Hello Jenny and Darryl,
Thank you so much for the Zoom last night. It was very generous of you to spend some of what must be a treasured Sunday morning with us. I think the work you are doing is wonderful, detailed, rigorous, and definitely provides a road map for teachers and teacher librarians to frame, conduct and assess inquiry tasks. I took away these main things:
- Your work is essential for all teachers and teacher librarians (the Australian term for school librarians), for all inquiry teachers.
- There may be a fruitful field for the Australian TL course to be taken on by some UK teachers, interested in inquiry and in a move to the library.
- Because your school librarians are not teachers, they might benefit from learning how to support teachers doing inquiry with e.g. the LibGuides path, an example here, from Brigidine College, St. Ives.
- Considering the NSW Information Fluency Framework , and your opinion that it does not have a total picture of inquiry in mind, I’m thinking about that, and agreeing up to a point, in that I don’t think that was June Wall’s purpose. However, I think it can be aligned to FOSIL, and I tried to do that in the recent issue of ACCESS journal, finding, similarly to your experience, that the impacts of information fluency do lie in those wider competencies you picture in the Portraits of Engaged Learners. But they are included in IFF. You said that Barbara Stripling has drawn them out and away from ESIFC, and is now trying to align them again?

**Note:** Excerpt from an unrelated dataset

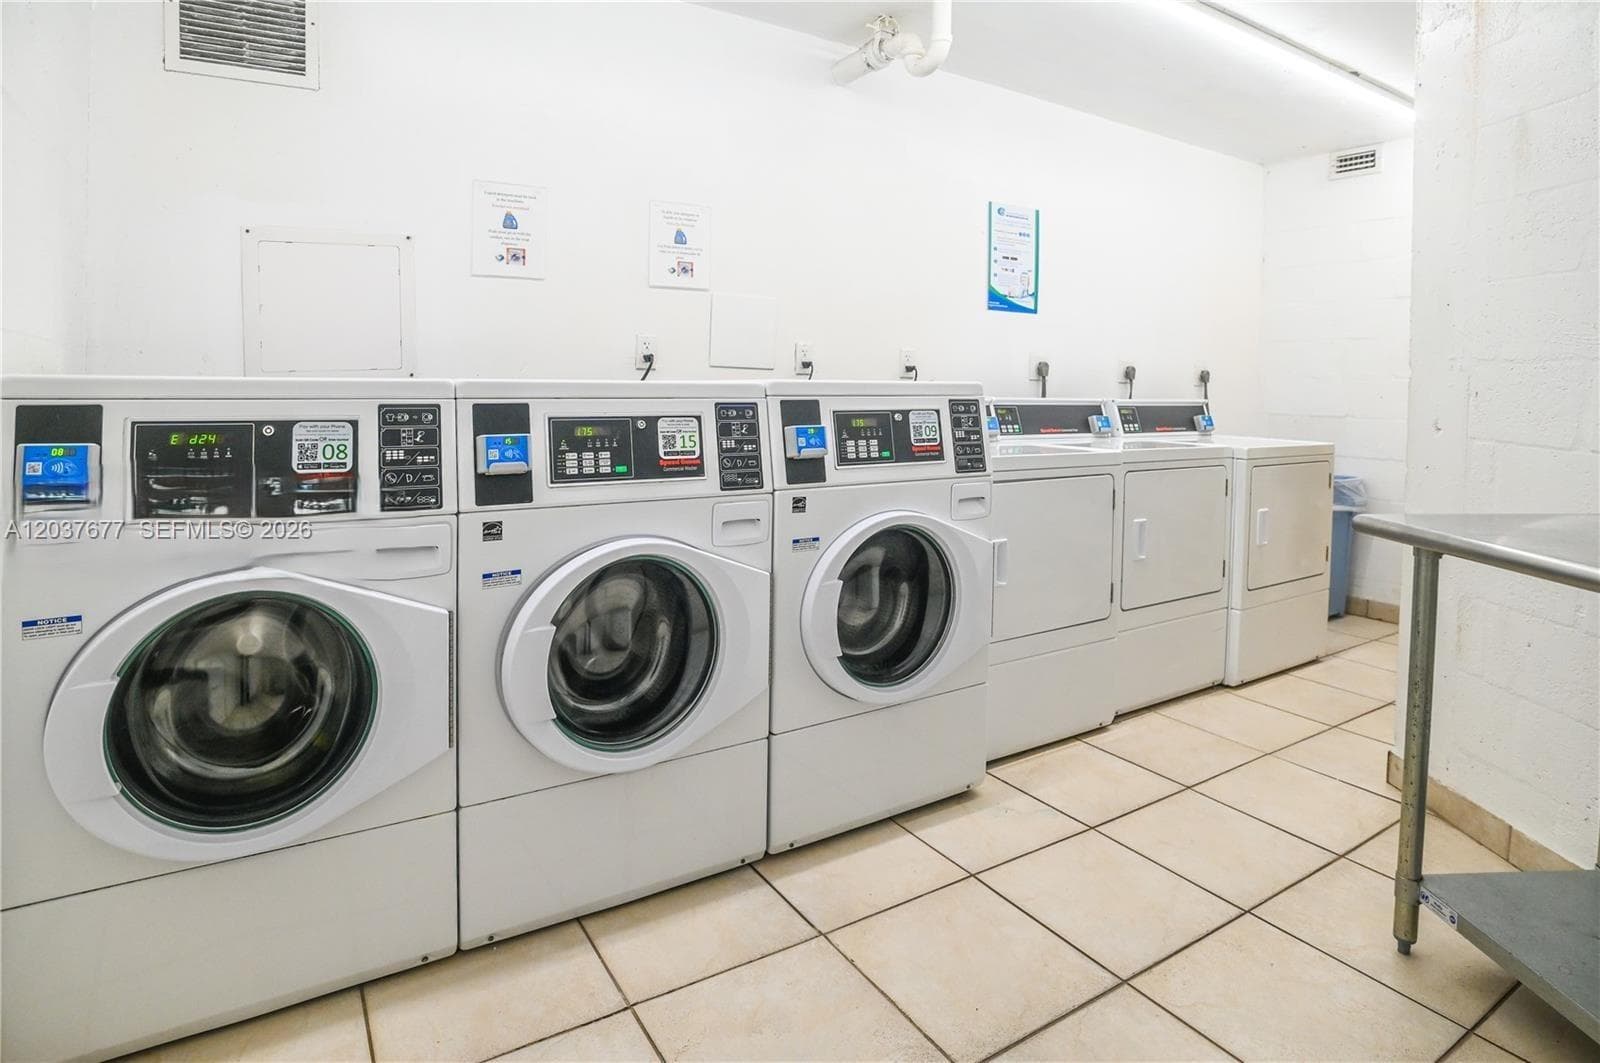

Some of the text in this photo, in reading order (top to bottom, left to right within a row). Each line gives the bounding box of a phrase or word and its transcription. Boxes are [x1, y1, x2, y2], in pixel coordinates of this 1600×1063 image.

- That may or may not be so! What I am grappling with is how to use IFF outcomes as evidence of student learning encouraged by the teacher librarian, in an inquiry unit that is an open ended Ancient Historical Investigation. The thing is, there are so many elements of IFF involved in a big inquiry task like this one, that it is very difficult to restrain that quantity to something manageable and assessable.
- I’ve downloaded a Word version of Ithoughts this morning, and will play with it!
- I went and looked at Galileo Focus on Inquiry and found it excellent – I particularly like the discipline-based approach to inquiry.
Jenny, thank you for your input here about the EPQ project – it was very interesting to read. We have some major projects in senior years in individual subjects here, and one of the recommendations from a review of the Australian Curriculum was that there may be a similar across the curriculum project like EPQ, but the wheels are moving very slowly on that.
Thank you again for your time, and patience, and we both hope to see you in Rome.